Please write out every line of the listing without alteration, but omit the images.
◆ ◆ ◆ ◆ ◆
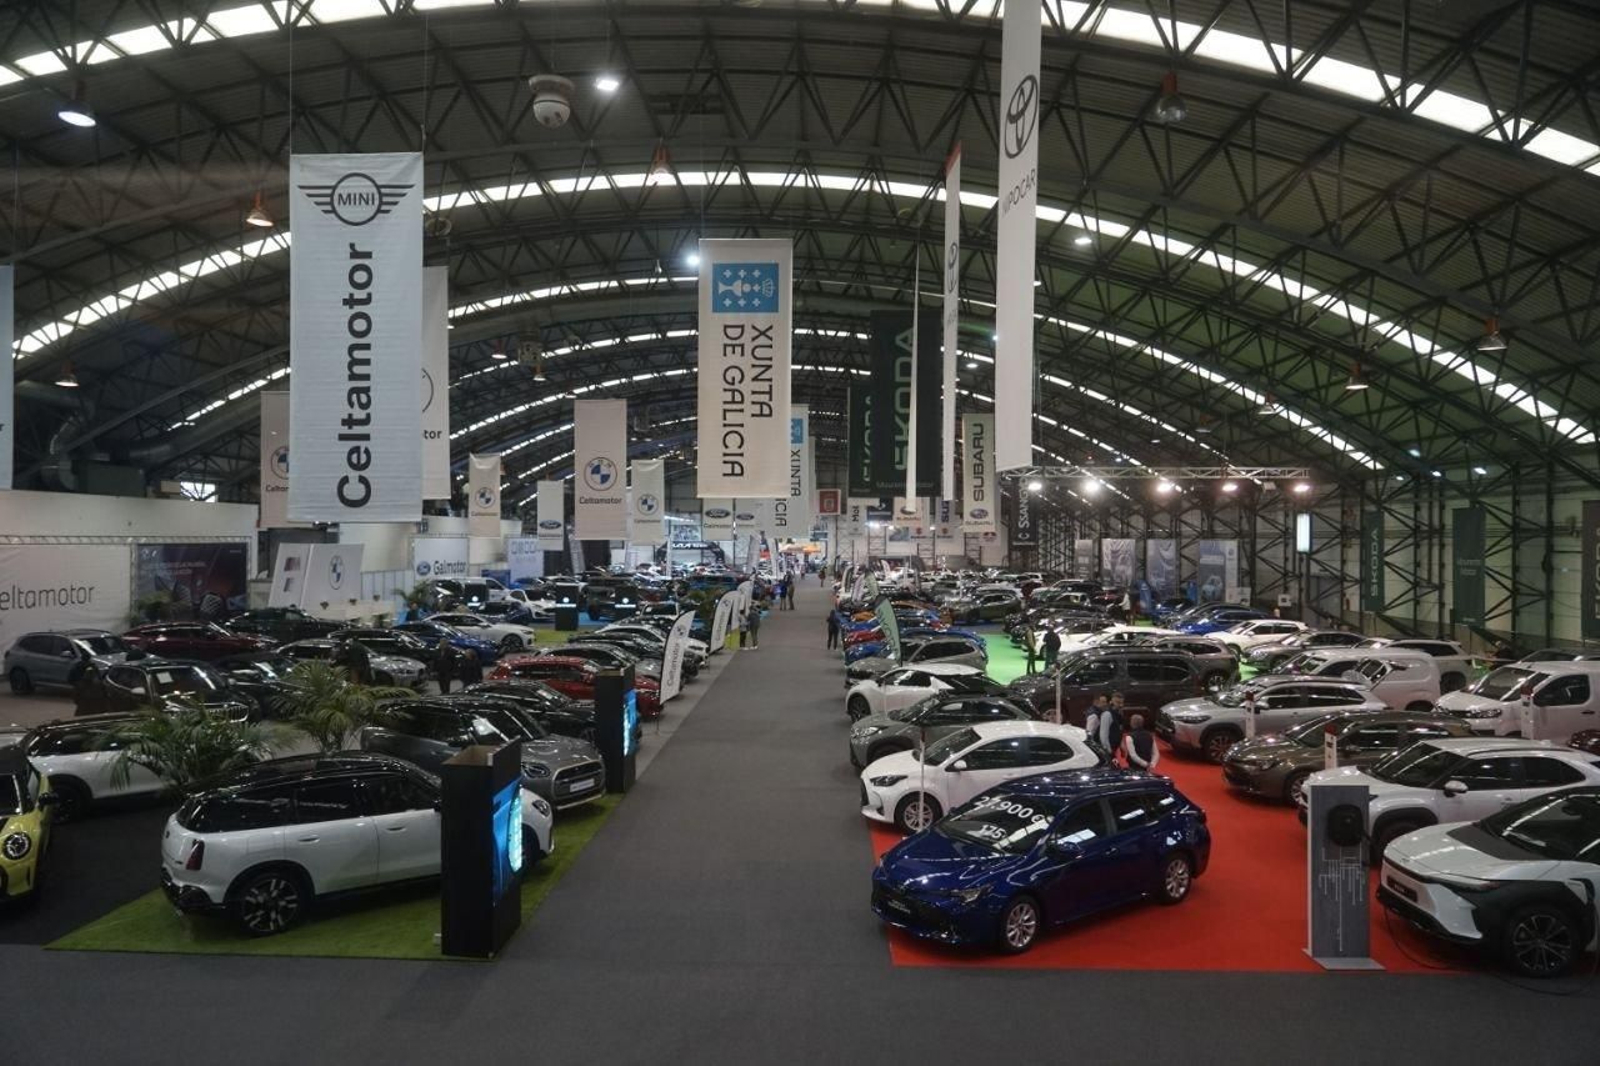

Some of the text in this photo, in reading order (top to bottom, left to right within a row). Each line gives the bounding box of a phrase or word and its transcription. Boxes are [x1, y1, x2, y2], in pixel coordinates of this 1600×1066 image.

[338, 192, 376, 207] MINI
[337, 242, 374, 509] Celtamotor
[722, 323, 746, 478] DE GALICIA
[751, 323, 774, 419] XUNTA
[790, 449, 802, 498] XUNTA
[972, 422, 985, 502] SUBARU
[579, 496, 623, 505] Celtamotor
[433, 560, 467, 575] Galmotor
[1371, 529, 1379, 597] SKODA
◆ ◆ ◆ ◆ ◆
→ Exercise response
Some of the text in this photo, in reading order (top to bottom, left to right within a row). Each line gives the bounding box of a phrase or word and its transcription. Boxes are [x1, y1, x2, y2], in pixel coordinates of this 1600×1066 image.

[338, 192, 376, 207] MINI
[337, 242, 374, 509] Celtamotor
[722, 323, 746, 478] DE GALICIA
[751, 323, 774, 419] XUNTA
[790, 449, 802, 498] XUNTA
[972, 422, 985, 502] SUBARU
[579, 496, 623, 505] Celtamotor
[433, 560, 467, 575] Galmotor
[1371, 529, 1379, 597] SKODA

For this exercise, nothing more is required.